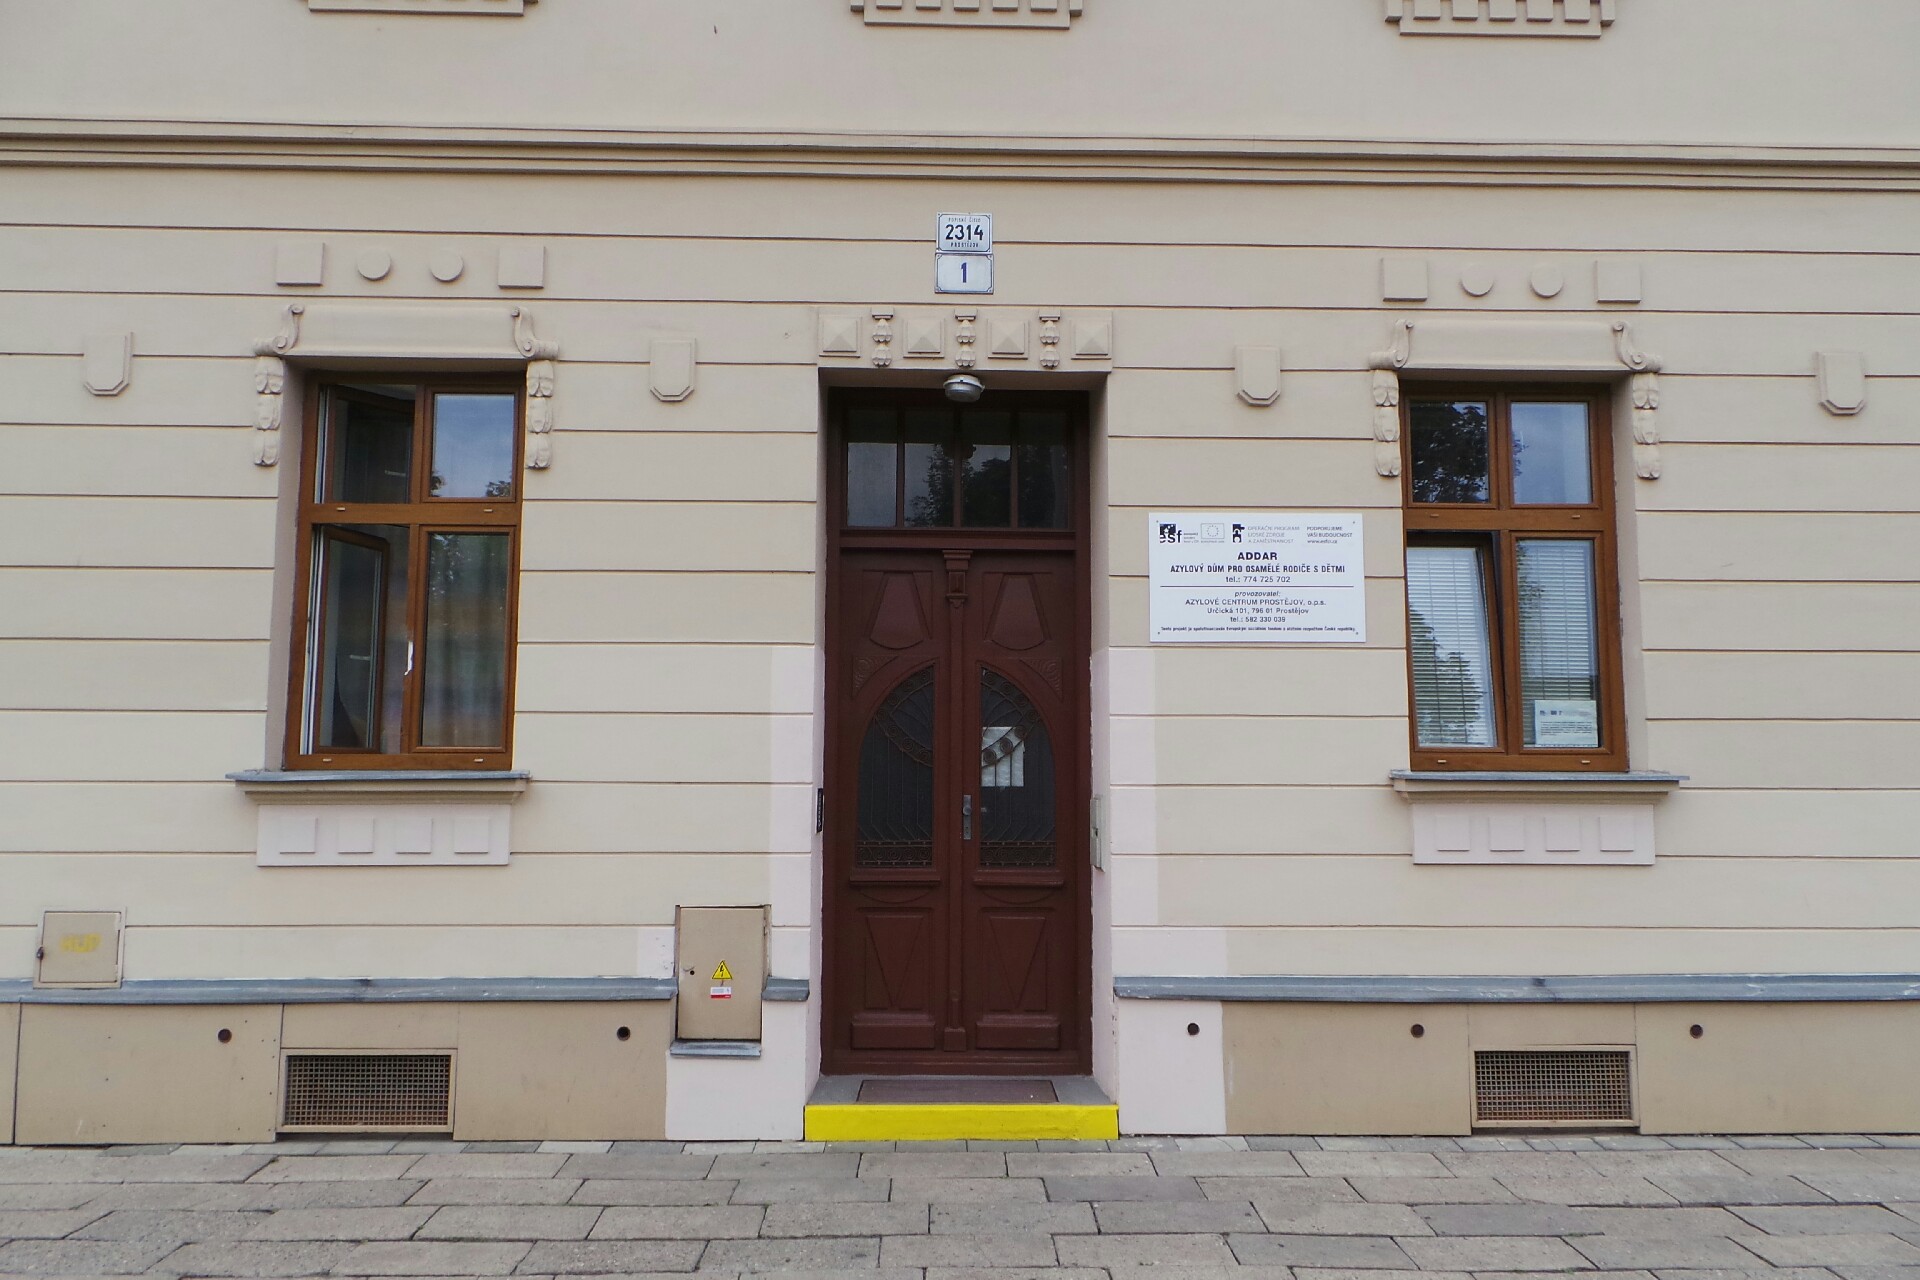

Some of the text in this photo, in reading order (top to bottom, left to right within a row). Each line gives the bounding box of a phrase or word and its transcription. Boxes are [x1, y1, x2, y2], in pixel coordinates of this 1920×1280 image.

[946, 224, 984, 240] 2314
[961, 262, 967, 283] 1
[1238, 552, 1278, 560] ADDAR
[1170, 563, 1204, 572] AZYLOVÝ
[1208, 563, 1224, 572] DŮM
[1246, 563, 1280, 572] OSAMĚLÉ
[1283, 564, 1310, 572] RODIČE
[1322, 564, 1345, 572] DĚTMI
[1185, 597, 1220, 605] AZYLOVÉ
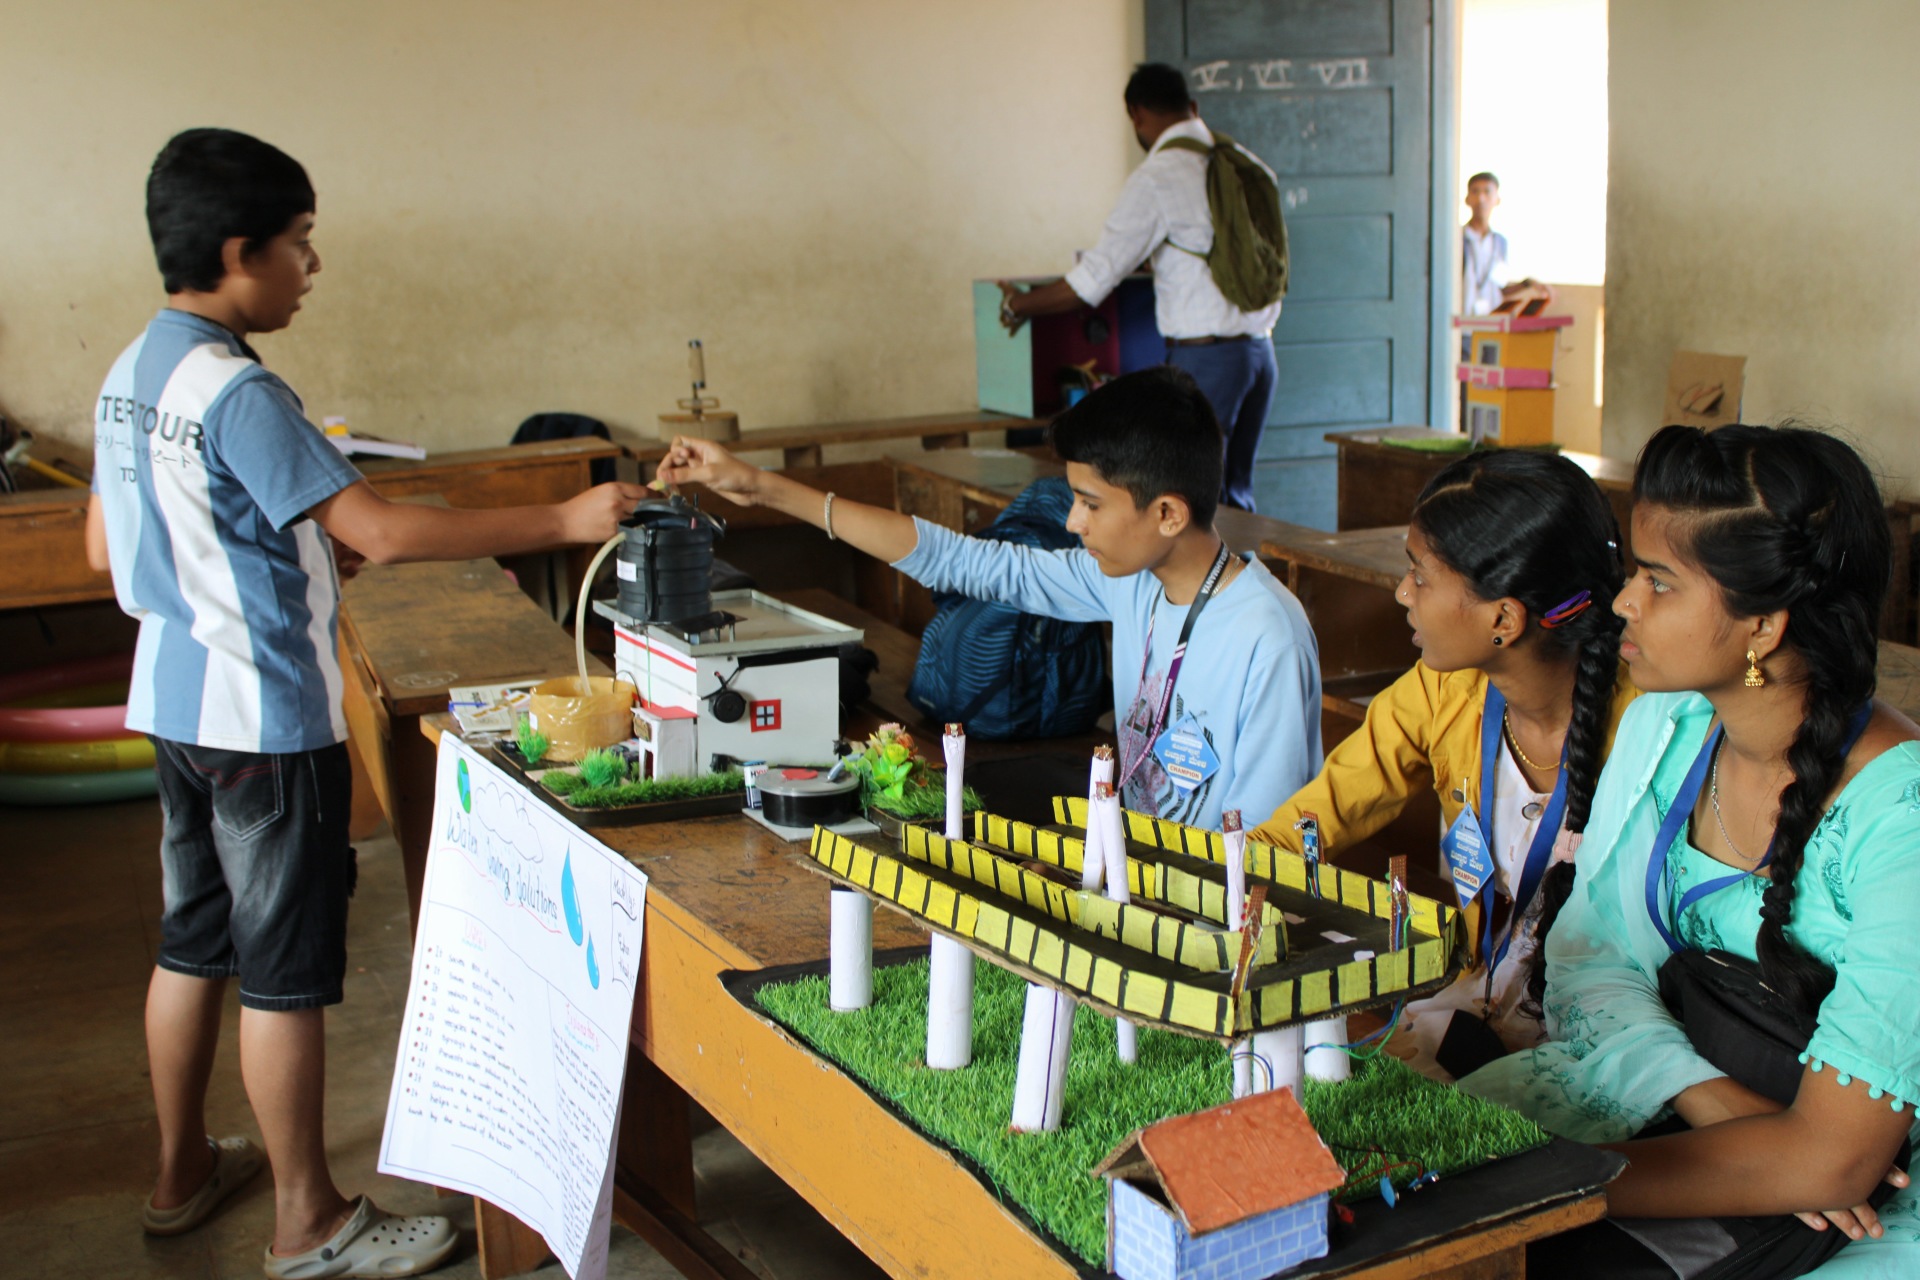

# # #

◆ **What is required**
Your answer should be every entry repeated exactly, minus the pictures.

◆ **Solution**
Some of the text in this photo, in reading order (top to bottom, left to right within a row). Each line gives the bounding box of a phrase or word and its transcription. Boxes are [x1, y1, x2, y2], in pixel coordinates of this 1920×1280 image.

[946, 224, 984, 240] 2314
[961, 262, 967, 283] 1
[1238, 552, 1278, 560] ADDAR
[1170, 563, 1204, 572] AZYLOVÝ
[1208, 563, 1224, 572] DŮM
[1246, 563, 1280, 572] OSAMĚLÉ
[1283, 564, 1310, 572] RODIČE
[1322, 564, 1345, 572] DĚTMI
[1185, 597, 1220, 605] AZYLOVÉ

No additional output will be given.